Nonresponse is a ubiquitous feature of almost all surveys, no matter which mode is used for data collection (Dillman et al., 2002) whether the sample units are households or establishments (Willimack et al., 2002) or whether the survey is mandatory or not (Navarro et al., 2012). Nonresponse leads to loss in efficiency and increases in survey costs if a target sample size of respondents is needed. Nonresponse can also lead to bias in the resulting estimates if the mechanism that leads to nonresponse is related to the survey variables (Groves, 2006). Confronted with this fact, survey researchers search for strategies to reduce nonresponse rates and to reduce nonresponse bias or at least to assess the magnitude of any nonresponse bias in the resulting data.
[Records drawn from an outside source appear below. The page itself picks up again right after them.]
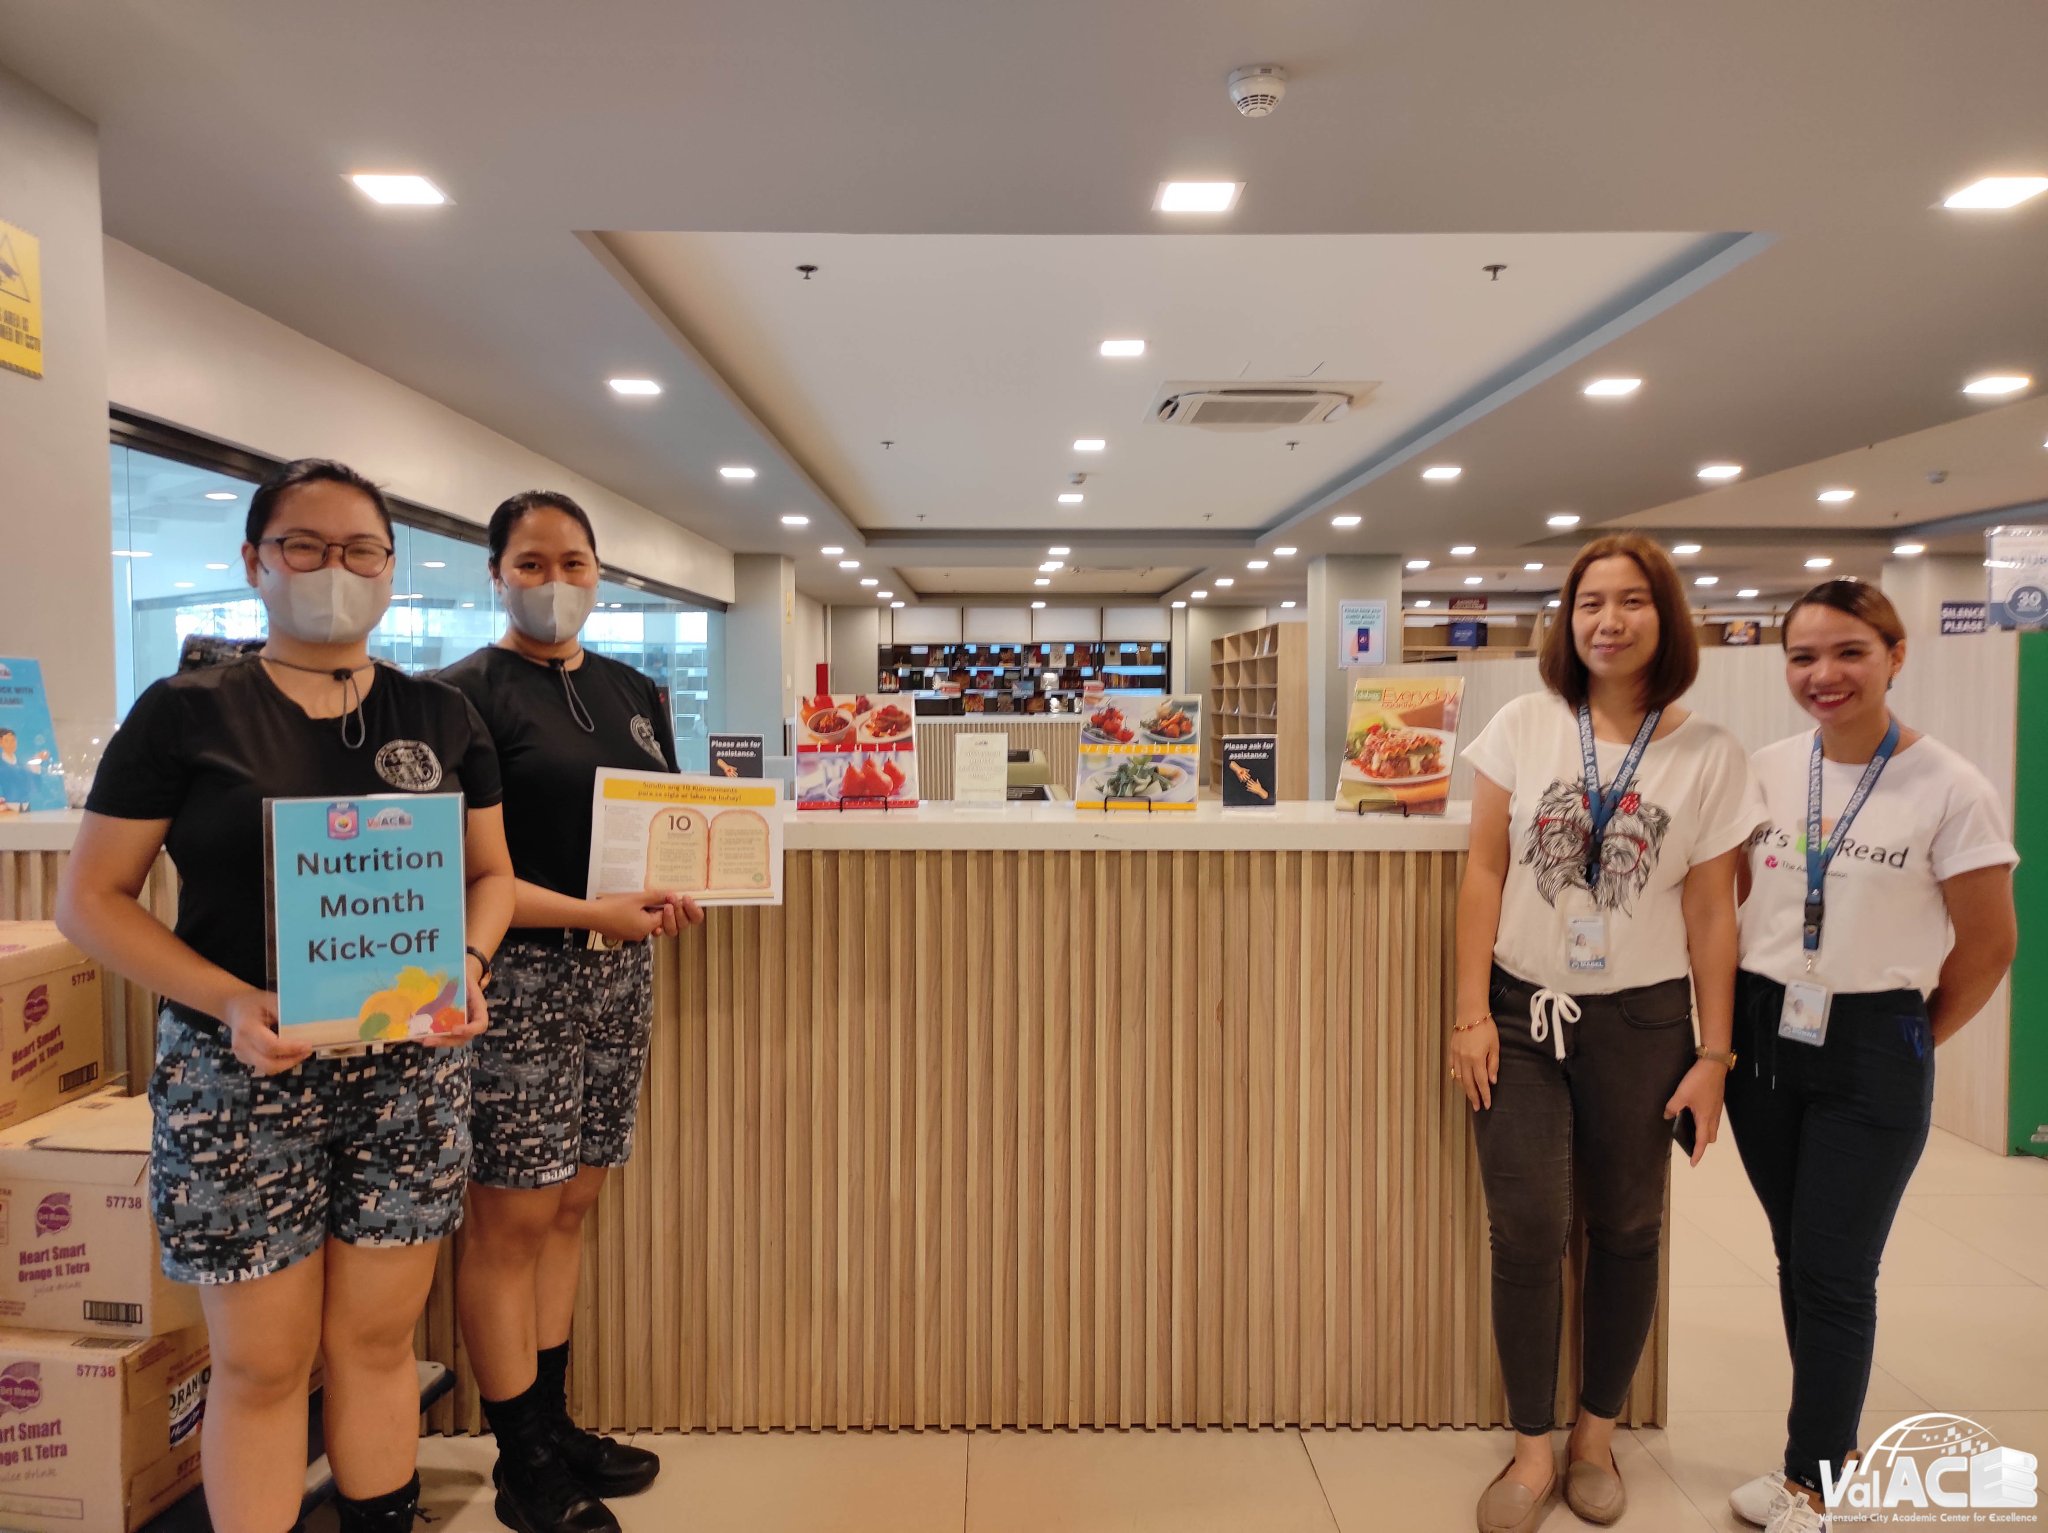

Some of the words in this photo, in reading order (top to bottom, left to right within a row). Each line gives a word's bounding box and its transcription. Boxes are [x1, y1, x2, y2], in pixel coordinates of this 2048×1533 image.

[1942, 607, 1986, 619] SILENCE
[1382, 688, 1457, 705] Everyday
[711, 740, 734, 749] Please
[736, 740, 749, 749] ask
[750, 740, 762, 749] for
[716, 749, 757, 758] assistance.
[1086, 742, 1193, 754] vegetables
[1224, 741, 1247, 750] Please
[1248, 742, 1261, 750] ask
[1262, 741, 1274, 750] for
[1229, 751, 1269, 760] assistance.
[1585, 765, 1599, 792] CITY
[1808, 749, 1823, 821] VALENZUELA
[668, 815, 692, 831] 10
[1807, 823, 1821, 851] CITY
[297, 847, 444, 876] Nutrition
[1836, 838, 1910, 869] Read
[1782, 860, 1796, 870] The
[320, 888, 425, 918] Month
[308, 928, 440, 963] Kick-Off
[71, 969, 96, 986] 57738
[12, 1042, 36, 1065] Heart
[37, 1024, 61, 1050] Smart
[11, 1056, 38, 1082] Orange
[46, 1040, 64, 1060] Tetra
[541, 1164, 575, 1182] BJMP
[105, 1195, 142, 1210] 57738
[19, 1249, 50, 1265] Heart
[52, 1243, 86, 1260] Smart
[18, 1267, 53, 1283] Orange
[65, 1261, 90, 1275] Tetra
[199, 1259, 279, 1286] BJMP
[76, 1364, 116, 1378] 57738
[0, 1426, 15, 1444] art
[18, 1418, 62, 1441] Smart
[0, 1451, 18, 1466] nge
[23, 1446, 33, 1461] 1L
[35, 1443, 68, 1460] Tetra
Paradata can be used to support all of these tasks, either prior to the data collection to develop best strategies based on past experiences, during data collection using paradata from the ongoing process, or post hoc when empirically examining the risk of nonresponse bias in survey estimates or when developing weights or other forms of nonresponse adjustment. This chapter will start with a description of the different sources of paradata relevant for nonresponse error investigation, followed by a discussion about the use of paradata to improve data collection efficiency, examples of the use of paradata for nonresponse bias assessment and reduction, and some data management issues that arise when working with paradata.